- TASK
Restate all the data word for word, leaving nothing out.
DATASET RECORDS: Begin
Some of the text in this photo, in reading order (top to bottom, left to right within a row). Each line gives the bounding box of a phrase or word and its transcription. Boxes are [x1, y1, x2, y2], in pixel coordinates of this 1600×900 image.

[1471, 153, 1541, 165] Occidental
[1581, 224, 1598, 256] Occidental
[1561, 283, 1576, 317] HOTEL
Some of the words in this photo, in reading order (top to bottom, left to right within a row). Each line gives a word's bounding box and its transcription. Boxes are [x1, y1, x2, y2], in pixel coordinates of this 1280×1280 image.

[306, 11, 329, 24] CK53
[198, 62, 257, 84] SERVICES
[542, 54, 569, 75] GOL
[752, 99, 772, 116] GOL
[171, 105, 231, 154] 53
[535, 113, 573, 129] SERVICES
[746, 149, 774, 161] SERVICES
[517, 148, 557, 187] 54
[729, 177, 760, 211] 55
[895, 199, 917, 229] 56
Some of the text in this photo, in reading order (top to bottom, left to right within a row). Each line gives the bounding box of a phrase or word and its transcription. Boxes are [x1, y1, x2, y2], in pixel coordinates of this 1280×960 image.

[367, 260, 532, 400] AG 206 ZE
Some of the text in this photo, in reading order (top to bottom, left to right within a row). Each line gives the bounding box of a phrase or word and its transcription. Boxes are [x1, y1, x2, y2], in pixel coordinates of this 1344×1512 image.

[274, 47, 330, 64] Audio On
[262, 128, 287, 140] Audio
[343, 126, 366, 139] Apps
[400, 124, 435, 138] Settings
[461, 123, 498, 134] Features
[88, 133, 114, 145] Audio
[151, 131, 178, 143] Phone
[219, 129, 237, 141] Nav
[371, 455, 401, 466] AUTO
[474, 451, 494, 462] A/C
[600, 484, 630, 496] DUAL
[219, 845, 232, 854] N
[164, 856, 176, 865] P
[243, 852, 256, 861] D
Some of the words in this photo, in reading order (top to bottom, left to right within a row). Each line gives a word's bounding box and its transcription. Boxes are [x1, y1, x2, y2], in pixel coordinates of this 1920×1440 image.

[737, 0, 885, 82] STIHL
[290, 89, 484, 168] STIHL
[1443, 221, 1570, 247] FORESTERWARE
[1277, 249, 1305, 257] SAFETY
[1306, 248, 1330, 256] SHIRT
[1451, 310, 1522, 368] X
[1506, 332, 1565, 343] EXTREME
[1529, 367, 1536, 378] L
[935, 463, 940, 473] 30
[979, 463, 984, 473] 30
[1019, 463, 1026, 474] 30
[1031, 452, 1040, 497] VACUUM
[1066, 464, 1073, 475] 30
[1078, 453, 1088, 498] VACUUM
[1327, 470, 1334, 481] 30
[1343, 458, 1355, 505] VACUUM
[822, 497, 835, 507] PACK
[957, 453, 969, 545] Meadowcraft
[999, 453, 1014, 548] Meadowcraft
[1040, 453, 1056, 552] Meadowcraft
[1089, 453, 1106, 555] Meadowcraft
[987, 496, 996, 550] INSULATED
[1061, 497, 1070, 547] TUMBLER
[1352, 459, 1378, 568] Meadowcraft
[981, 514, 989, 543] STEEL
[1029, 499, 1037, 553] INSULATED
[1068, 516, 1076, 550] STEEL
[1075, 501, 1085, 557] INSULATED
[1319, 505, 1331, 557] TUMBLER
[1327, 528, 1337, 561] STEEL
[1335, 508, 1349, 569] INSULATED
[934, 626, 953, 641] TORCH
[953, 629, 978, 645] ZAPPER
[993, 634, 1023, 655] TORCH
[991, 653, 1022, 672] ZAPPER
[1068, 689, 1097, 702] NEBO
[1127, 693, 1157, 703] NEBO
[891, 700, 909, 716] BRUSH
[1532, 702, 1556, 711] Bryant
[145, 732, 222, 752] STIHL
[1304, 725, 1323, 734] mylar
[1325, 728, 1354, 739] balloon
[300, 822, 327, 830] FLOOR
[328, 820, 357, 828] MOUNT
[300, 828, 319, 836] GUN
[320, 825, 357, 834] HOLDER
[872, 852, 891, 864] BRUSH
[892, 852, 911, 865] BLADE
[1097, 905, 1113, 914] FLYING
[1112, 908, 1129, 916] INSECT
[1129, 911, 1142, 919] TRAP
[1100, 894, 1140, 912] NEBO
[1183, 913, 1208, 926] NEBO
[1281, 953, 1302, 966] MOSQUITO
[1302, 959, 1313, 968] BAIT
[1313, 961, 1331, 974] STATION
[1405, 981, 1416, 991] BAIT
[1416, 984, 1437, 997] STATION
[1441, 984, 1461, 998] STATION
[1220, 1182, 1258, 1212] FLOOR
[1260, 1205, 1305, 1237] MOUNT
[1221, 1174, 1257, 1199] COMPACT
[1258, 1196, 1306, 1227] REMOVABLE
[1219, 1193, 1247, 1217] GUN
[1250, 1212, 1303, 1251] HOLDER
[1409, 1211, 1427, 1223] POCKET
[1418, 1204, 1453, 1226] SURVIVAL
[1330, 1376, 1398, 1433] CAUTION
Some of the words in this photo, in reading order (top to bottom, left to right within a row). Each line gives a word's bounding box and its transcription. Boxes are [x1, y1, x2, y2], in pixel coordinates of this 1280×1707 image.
DATASET RECORDS: End
- WORKED SOLUTION
Some of the text in this photo, in reading order (top to bottom, left to right within a row). Each line gives the bounding box of a phrase or word and its transcription. Boxes are [x1, y1, x2, y2], in pixel coordinates of this 1600×900 image.

[1471, 153, 1541, 165] Occidental
[1581, 224, 1598, 256] Occidental
[1561, 283, 1576, 317] HOTEL
Some of the words in this photo, in reading order (top to bottom, left to right within a row). Each line gives a word's bounding box and its transcription. Boxes are [x1, y1, x2, y2], in pixel coordinates of this 1280×1280 image.

[306, 11, 329, 24] CK53
[198, 62, 257, 84] SERVICES
[542, 54, 569, 75] GOL
[752, 99, 772, 116] GOL
[171, 105, 231, 154] 53
[535, 113, 573, 129] SERVICES
[746, 149, 774, 161] SERVICES
[517, 148, 557, 187] 54
[729, 177, 760, 211] 55
[895, 199, 917, 229] 56
Some of the text in this photo, in reading order (top to bottom, left to right within a row). Each line gives the bounding box of a phrase or word and its transcription. Boxes are [x1, y1, x2, y2], in pixel coordinates of this 1280×960 image.

[367, 260, 532, 400] AG 206 ZE
Some of the text in this photo, in reading order (top to bottom, left to right within a row). Each line gives the bounding box of a phrase or word and its transcription. Boxes are [x1, y1, x2, y2], in pixel coordinates of this 1344×1512 image.

[274, 47, 330, 64] Audio On
[262, 128, 287, 140] Audio
[343, 126, 366, 139] Apps
[400, 124, 435, 138] Settings
[461, 123, 498, 134] Features
[88, 133, 114, 145] Audio
[151, 131, 178, 143] Phone
[219, 129, 237, 141] Nav
[371, 455, 401, 466] AUTO
[474, 451, 494, 462] A/C
[600, 484, 630, 496] DUAL
[219, 845, 232, 854] N
[164, 856, 176, 865] P
[243, 852, 256, 861] D
Some of the words in this photo, in reading order (top to bottom, left to right within a row). Each line gives a word's bounding box and its transcription. Boxes are [x1, y1, x2, y2], in pixel coordinates of this 1920×1440 image.

[737, 0, 885, 82] STIHL
[290, 89, 484, 168] STIHL
[1443, 221, 1570, 247] FORESTERWARE
[1277, 249, 1305, 257] SAFETY
[1306, 248, 1330, 256] SHIRT
[1451, 310, 1522, 368] X
[1506, 332, 1565, 343] EXTREME
[1529, 367, 1536, 378] L
[935, 463, 940, 473] 30
[979, 463, 984, 473] 30
[1019, 463, 1026, 474] 30
[1031, 452, 1040, 497] VACUUM
[1066, 464, 1073, 475] 30
[1078, 453, 1088, 498] VACUUM
[1327, 470, 1334, 481] 30
[1343, 458, 1355, 505] VACUUM
[822, 497, 835, 507] PACK
[957, 453, 969, 545] Meadowcraft
[999, 453, 1014, 548] Meadowcraft
[1040, 453, 1056, 552] Meadowcraft
[1089, 453, 1106, 555] Meadowcraft
[987, 496, 996, 550] INSULATED
[1061, 497, 1070, 547] TUMBLER
[1352, 459, 1378, 568] Meadowcraft
[981, 514, 989, 543] STEEL
[1029, 499, 1037, 553] INSULATED
[1068, 516, 1076, 550] STEEL
[1075, 501, 1085, 557] INSULATED
[1319, 505, 1331, 557] TUMBLER
[1327, 528, 1337, 561] STEEL
[1335, 508, 1349, 569] INSULATED
[934, 626, 953, 641] TORCH
[953, 629, 978, 645] ZAPPER
[993, 634, 1023, 655] TORCH
[991, 653, 1022, 672] ZAPPER
[1068, 689, 1097, 702] NEBO
[1127, 693, 1157, 703] NEBO
[891, 700, 909, 716] BRUSH
[1532, 702, 1556, 711] Bryant
[145, 732, 222, 752] STIHL
[1304, 725, 1323, 734] mylar
[1325, 728, 1354, 739] balloon
[300, 822, 327, 830] FLOOR
[328, 820, 357, 828] MOUNT
[300, 828, 319, 836] GUN
[320, 825, 357, 834] HOLDER
[872, 852, 891, 864] BRUSH
[892, 852, 911, 865] BLADE
[1097, 905, 1113, 914] FLYING
[1112, 908, 1129, 916] INSECT
[1129, 911, 1142, 919] TRAP
[1100, 894, 1140, 912] NEBO
[1183, 913, 1208, 926] NEBO
[1281, 953, 1302, 966] MOSQUITO
[1302, 959, 1313, 968] BAIT
[1313, 961, 1331, 974] STATION
[1405, 981, 1416, 991] BAIT
[1416, 984, 1437, 997] STATION
[1441, 984, 1461, 998] STATION
[1220, 1182, 1258, 1212] FLOOR
[1260, 1205, 1305, 1237] MOUNT
[1221, 1174, 1257, 1199] COMPACT
[1258, 1196, 1306, 1227] REMOVABLE
[1219, 1193, 1247, 1217] GUN
[1250, 1212, 1303, 1251] HOLDER
[1409, 1211, 1427, 1223] POCKET
[1418, 1204, 1453, 1226] SURVIVAL
[1330, 1376, 1398, 1433] CAUTION
Some of the words in this photo, in reading order (top to bottom, left to right within a row). Each line gives a word's bounding box and its transcription. Boxes are [x1, y1, x2, y2], in pixel coordinates of this 1280×1707 image.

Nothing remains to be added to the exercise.